WORK TO BE COMPLETED>
Copy every entry exactly, but skip the pictures.

Items listed in a dataset
-=-=-=-=-

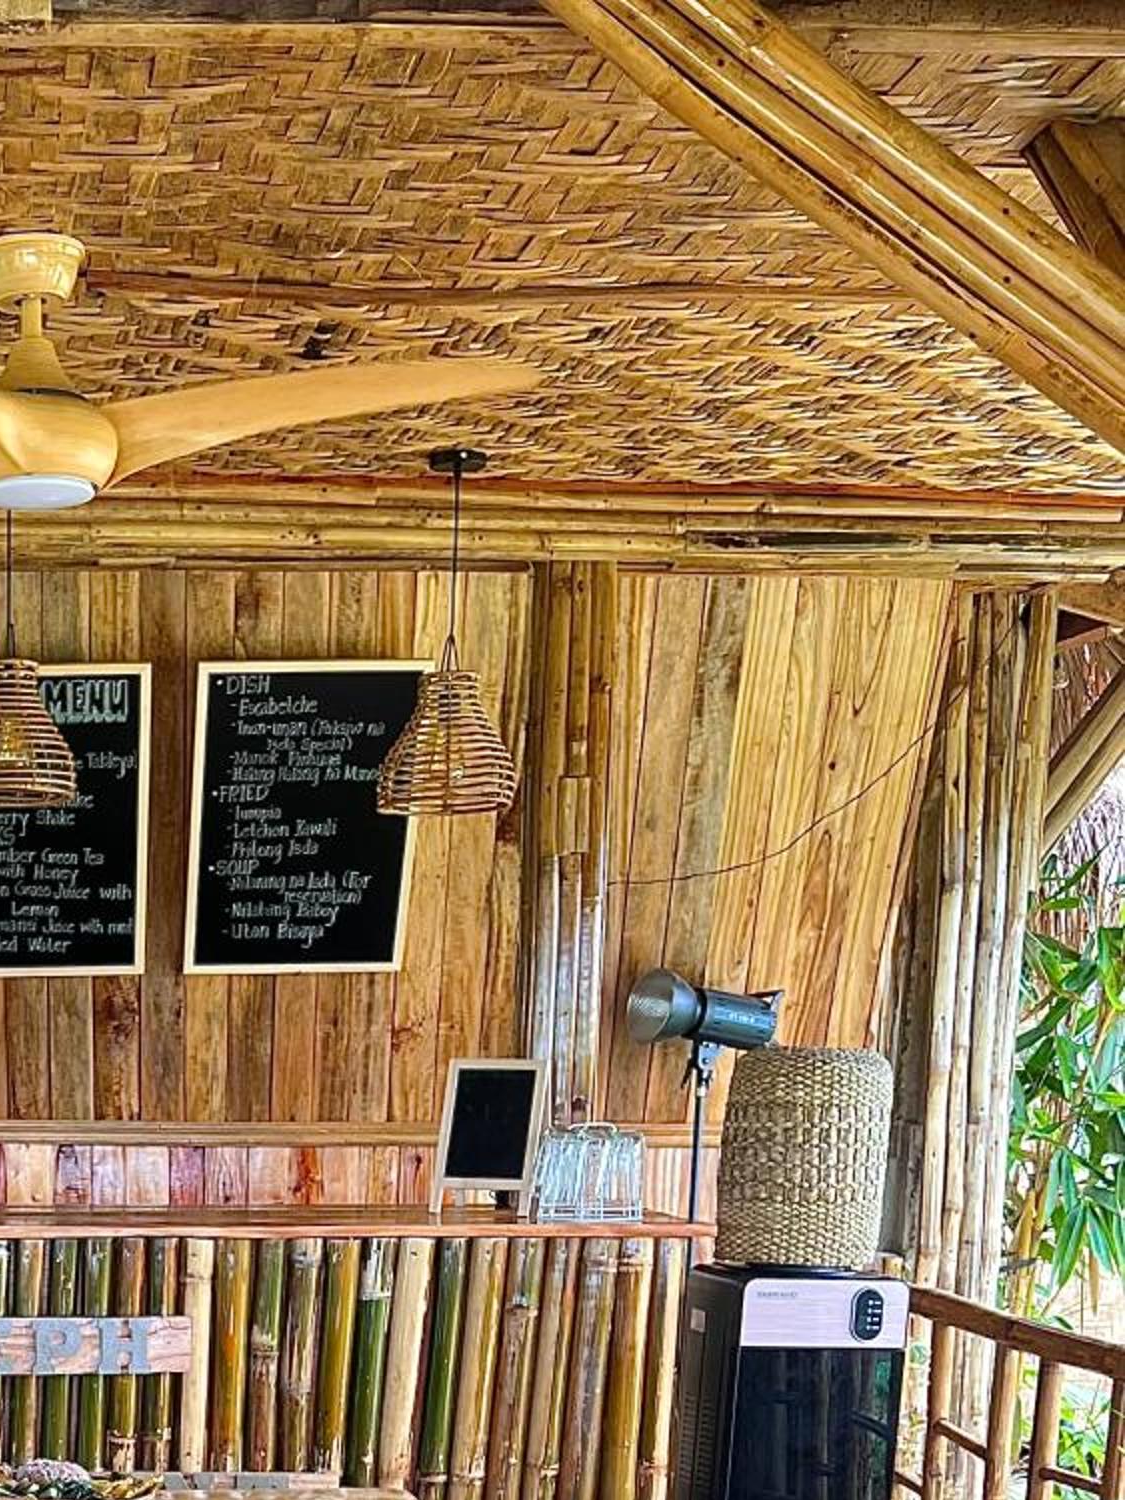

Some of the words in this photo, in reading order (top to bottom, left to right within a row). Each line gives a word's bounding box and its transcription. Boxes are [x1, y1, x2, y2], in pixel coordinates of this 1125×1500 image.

[226, 675, 270, 694] DISH
[41, 679, 129, 723] MENU
[366, 721, 386, 736] na
[233, 751, 279, 766] Manok
[219, 785, 269, 802] FRIED
[35, 809, 76, 826] Shake
[294, 818, 338, 837] Kawali
[41, 849, 79, 865] Green
[82, 848, 105, 866] Tea
[33, 864, 79, 886] Honey
[215, 860, 260, 876] SOUP
[53, 882, 92, 900] Juice
[99, 883, 132, 901] with
[11, 901, 60, 918] Lemon
[41, 917, 75, 934] Juice
[79, 917, 104, 934] with
[27, 936, 72, 954] Water
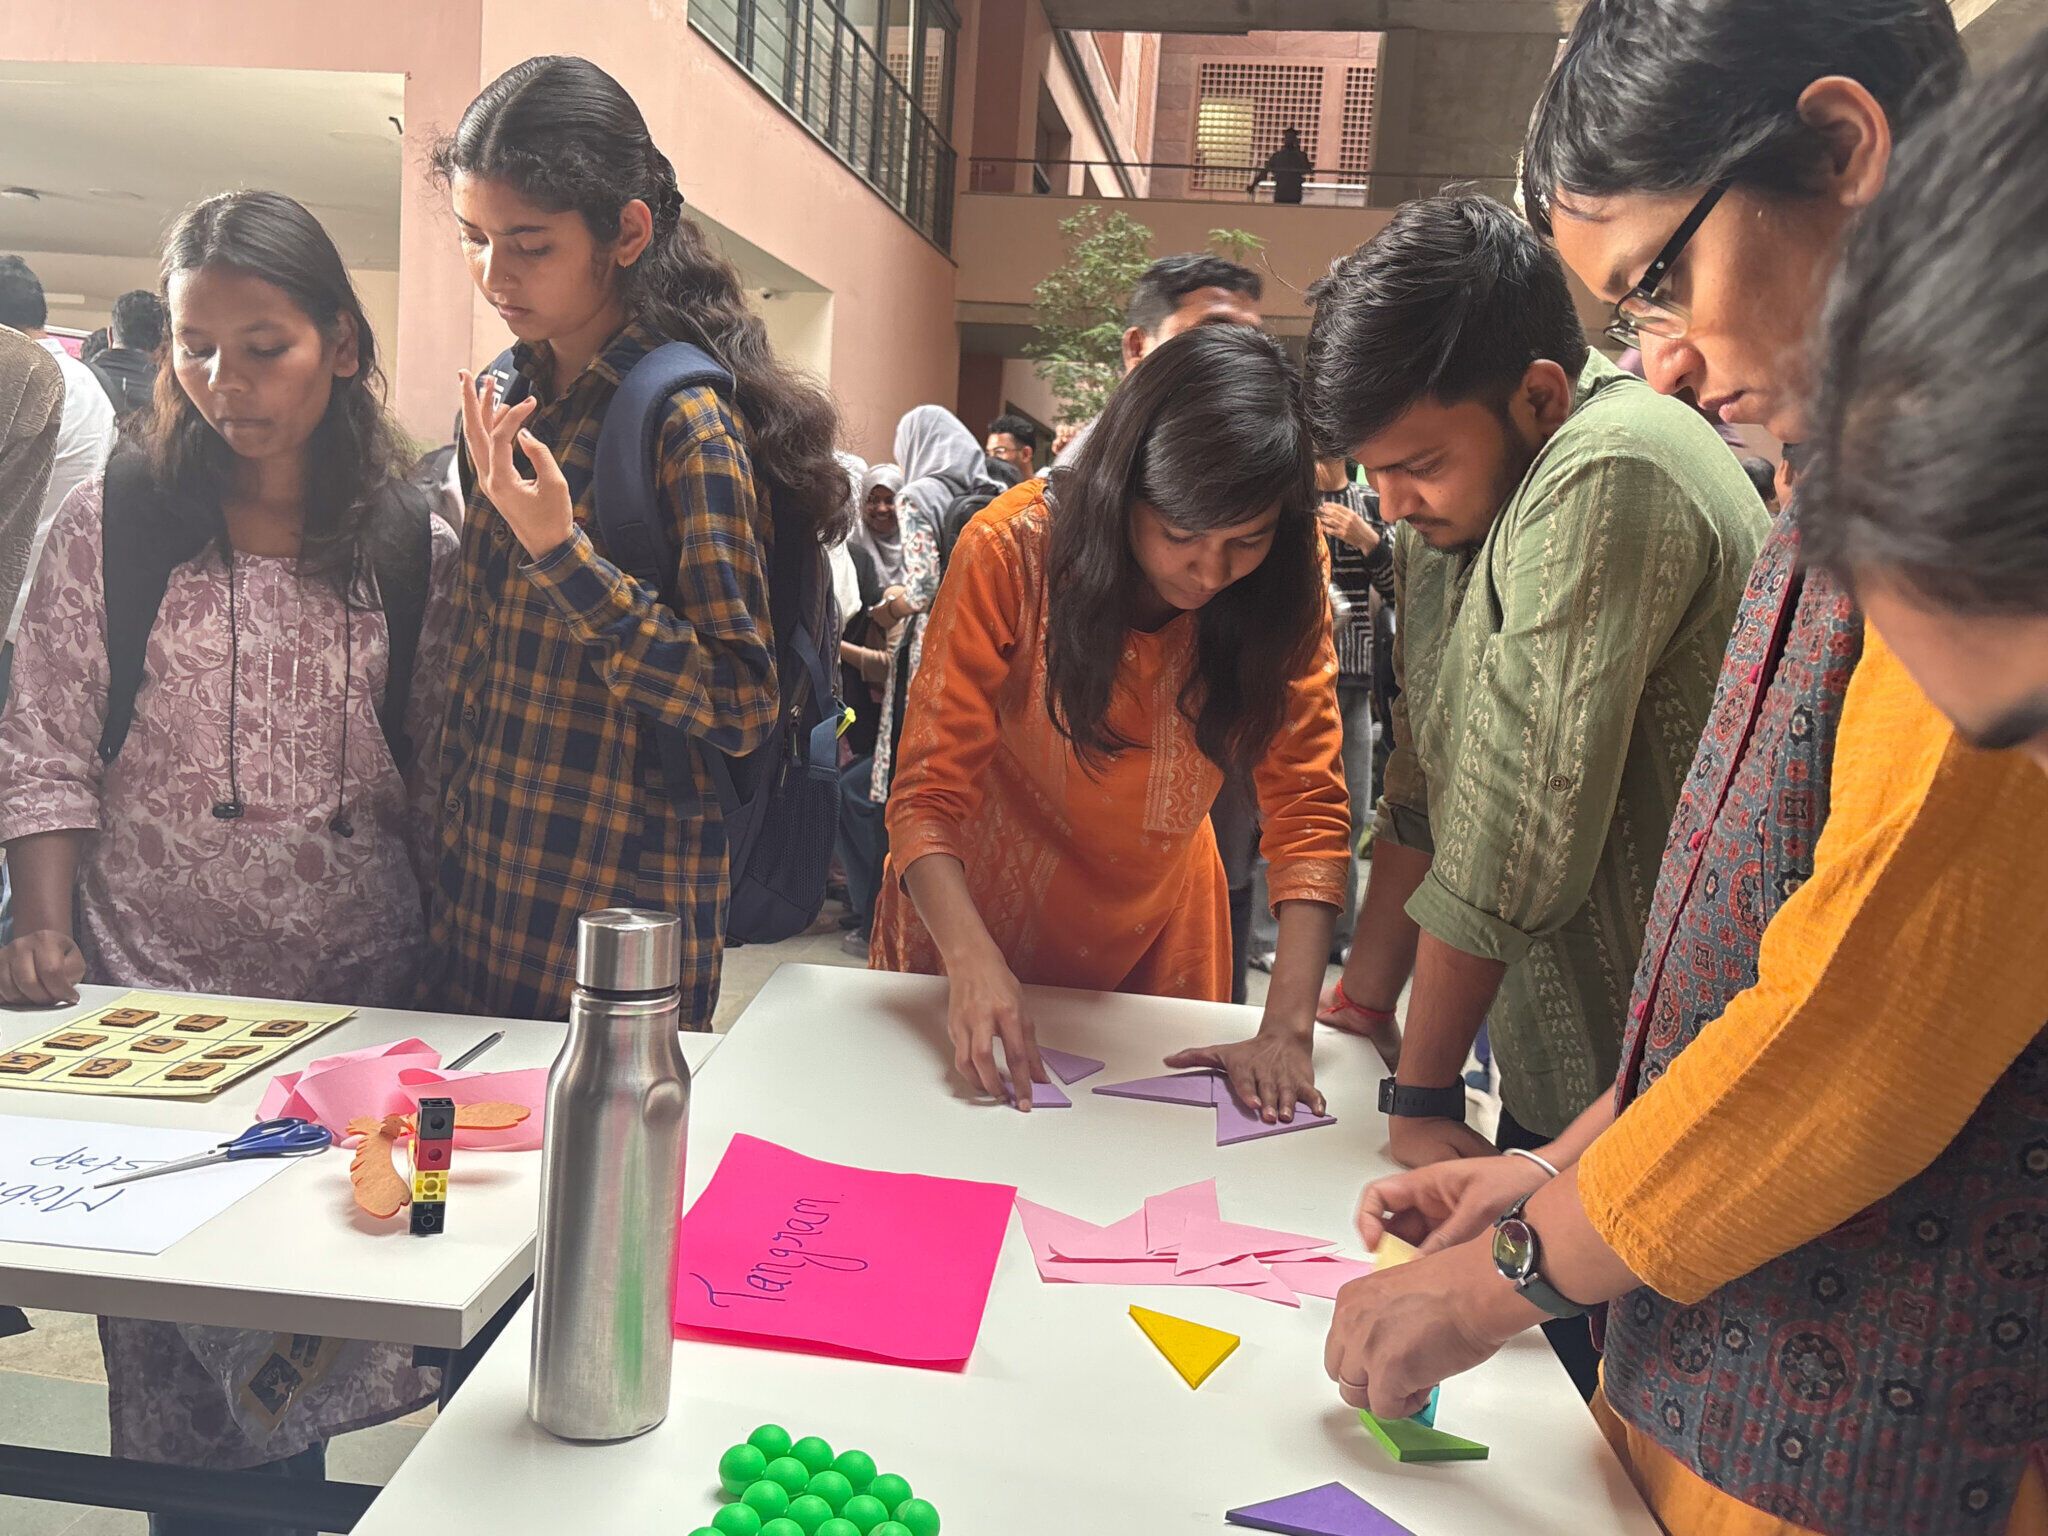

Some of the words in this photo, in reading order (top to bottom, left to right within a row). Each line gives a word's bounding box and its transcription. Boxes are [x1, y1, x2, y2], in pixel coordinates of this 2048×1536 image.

[492, 369, 510, 412] ari
[11, 1055, 41, 1064] 3
[86, 1058, 117, 1072] 8
[0, 1182, 126, 1213] Möb
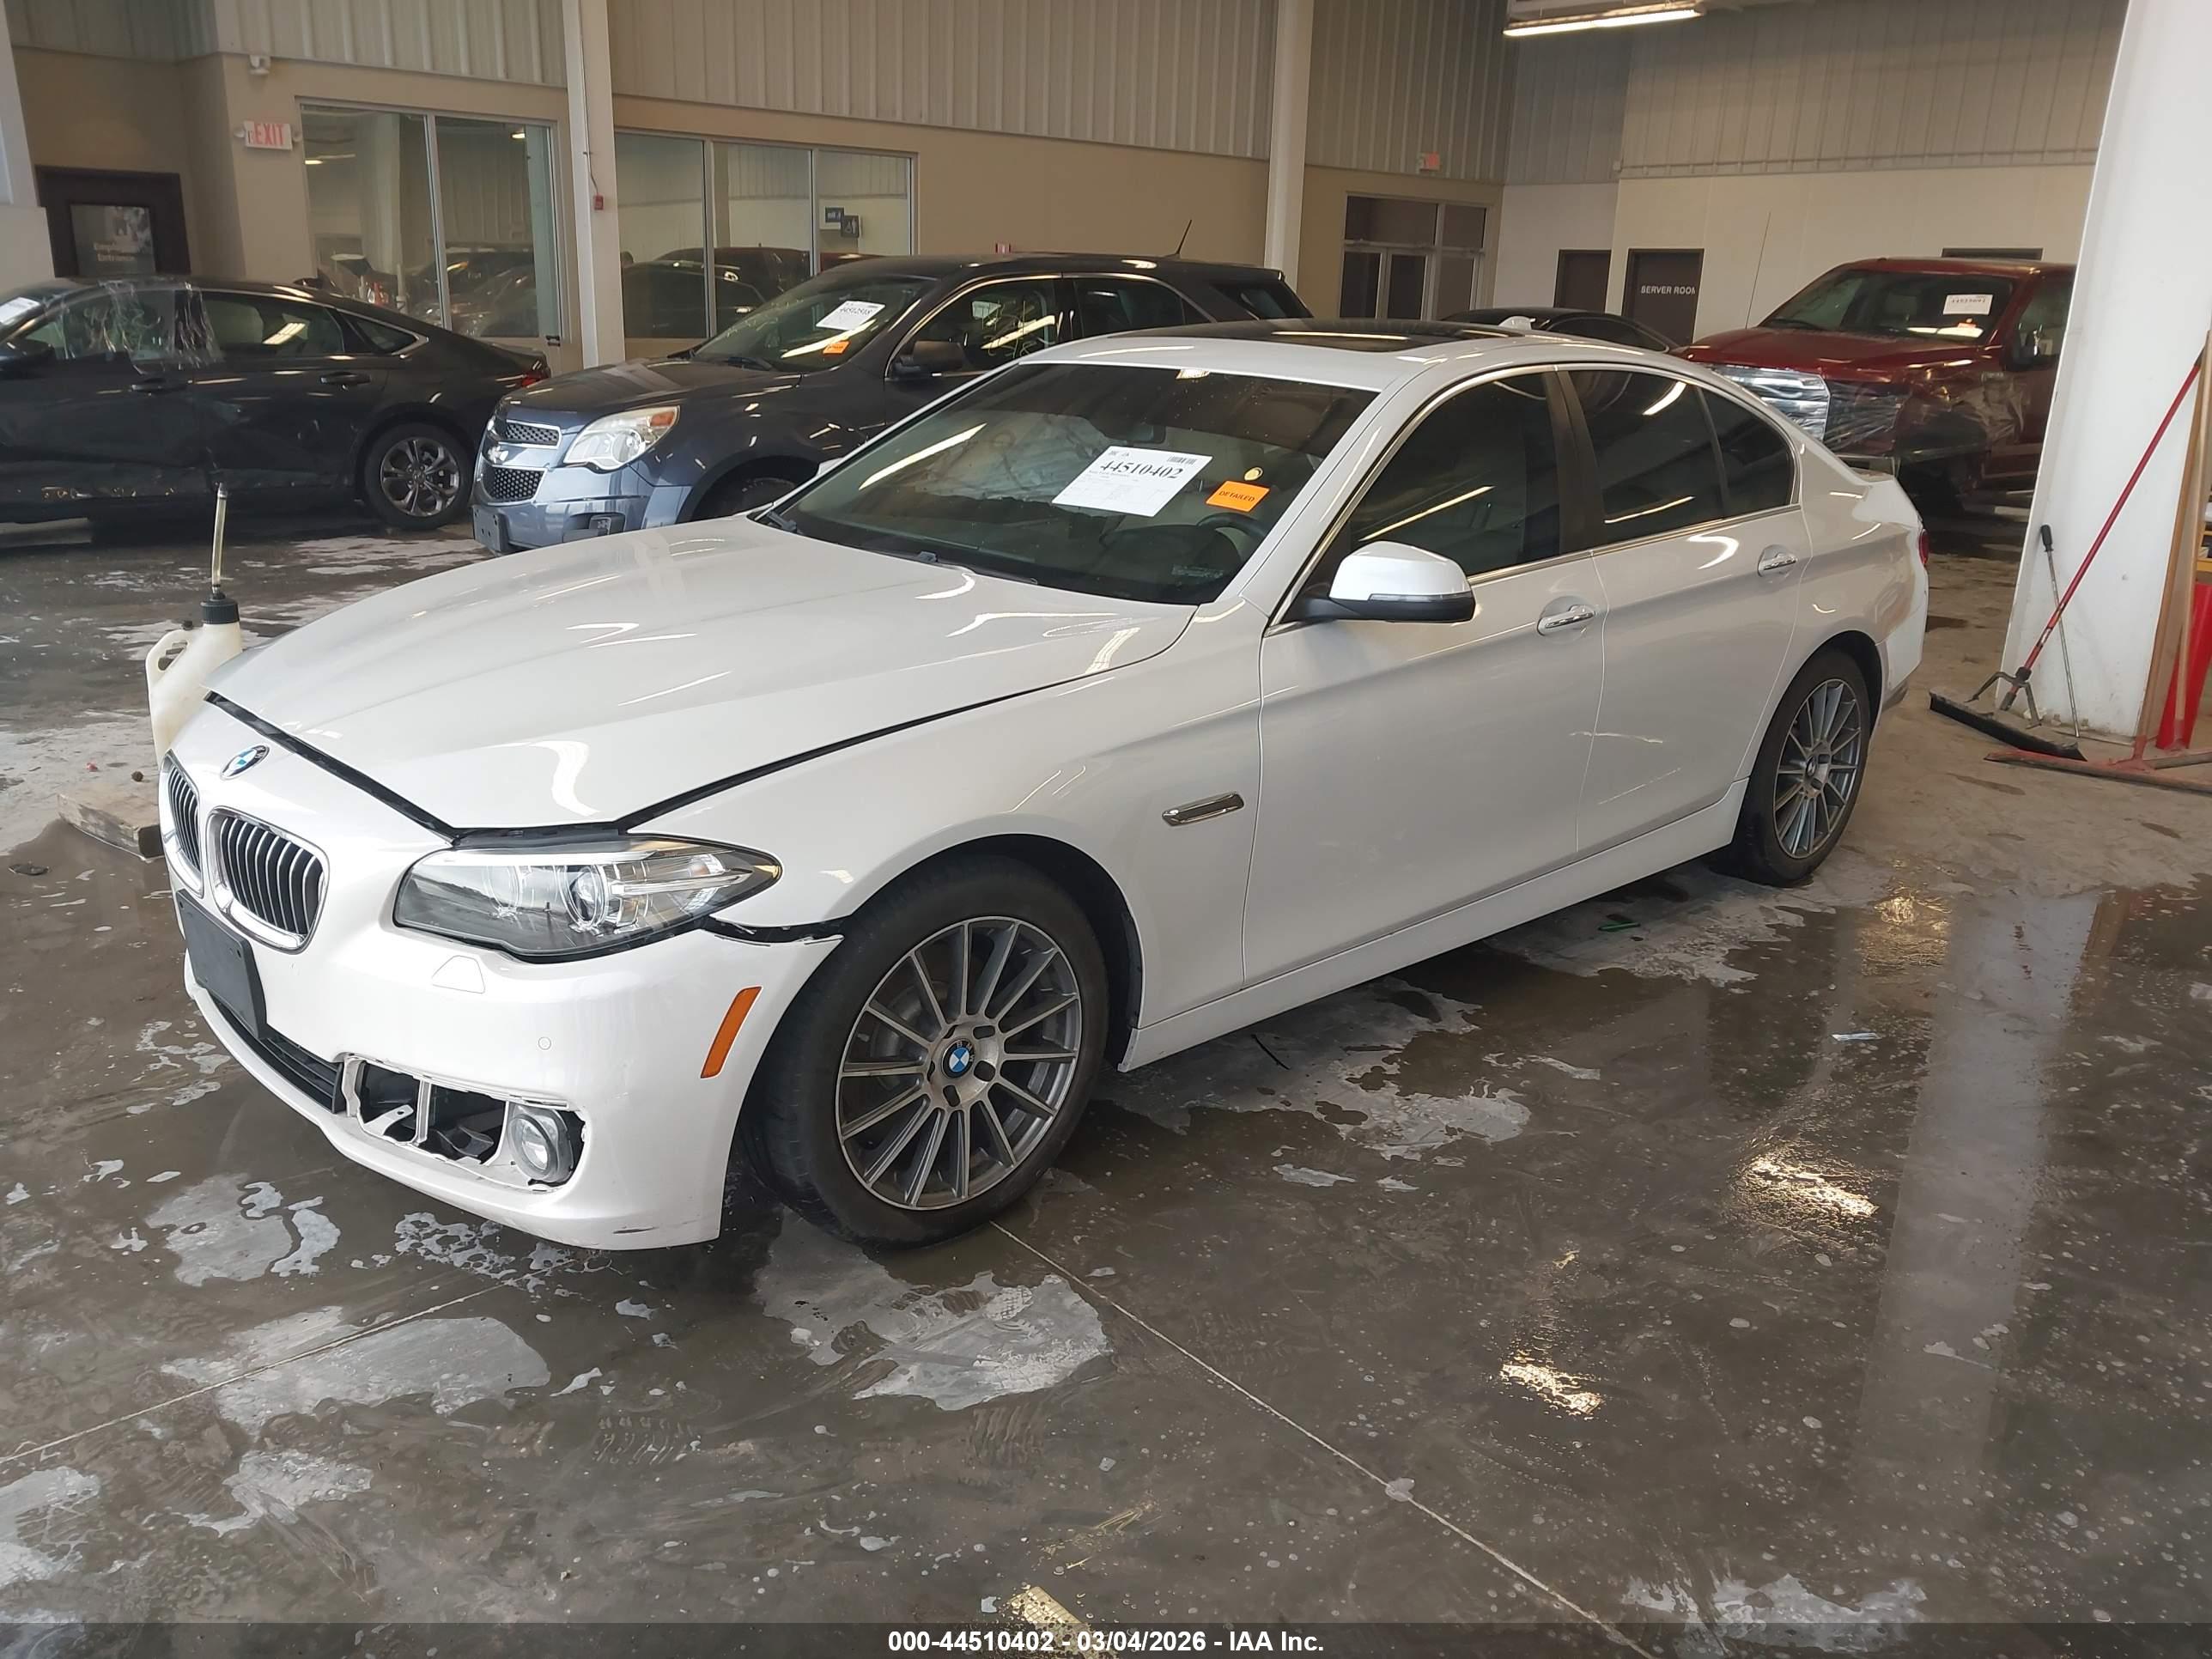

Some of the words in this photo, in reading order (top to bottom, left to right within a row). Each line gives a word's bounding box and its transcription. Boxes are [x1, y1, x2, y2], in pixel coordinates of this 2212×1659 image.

-=-=-=-=-

FINAL ANSWER>
Some of the words in this photo, in reading order (top to bottom, left to right within a row). Each line gives a word's bounding box and its transcription. Boxes are [x1, y1, x2, y2], in pixel coordinates of this 1125×1500 image.

[226, 675, 270, 694] DISH
[41, 679, 129, 723] MENU
[366, 721, 386, 736] na
[233, 751, 279, 766] Manok
[219, 785, 269, 802] FRIED
[35, 809, 76, 826] Shake
[294, 818, 338, 837] Kawali
[41, 849, 79, 865] Green
[82, 848, 105, 866] Tea
[33, 864, 79, 886] Honey
[215, 860, 260, 876] SOUP
[53, 882, 92, 900] Juice
[99, 883, 132, 901] with
[11, 901, 60, 918] Lemon
[41, 917, 75, 934] Juice
[79, 917, 104, 934] with
[27, 936, 72, 954] Water

Some of the words in this photo, in reading order (top to bottom, left to right within a row). Each line gives a word's bounding box and its transcription. Boxes are [x1, y1, x2, y2], in pixel coordinates of this 2048×1536 image.

[492, 369, 510, 412] ari
[11, 1055, 41, 1064] 3
[86, 1058, 117, 1072] 8
[0, 1182, 126, 1213] Möb

Some of the words in this photo, in reading order (top to bottom, left to right within a row). Each line gives a word's bounding box and its transcription. Boxes are [x1, y1, x2, y2], in pixel coordinates of this 2212×1659 image.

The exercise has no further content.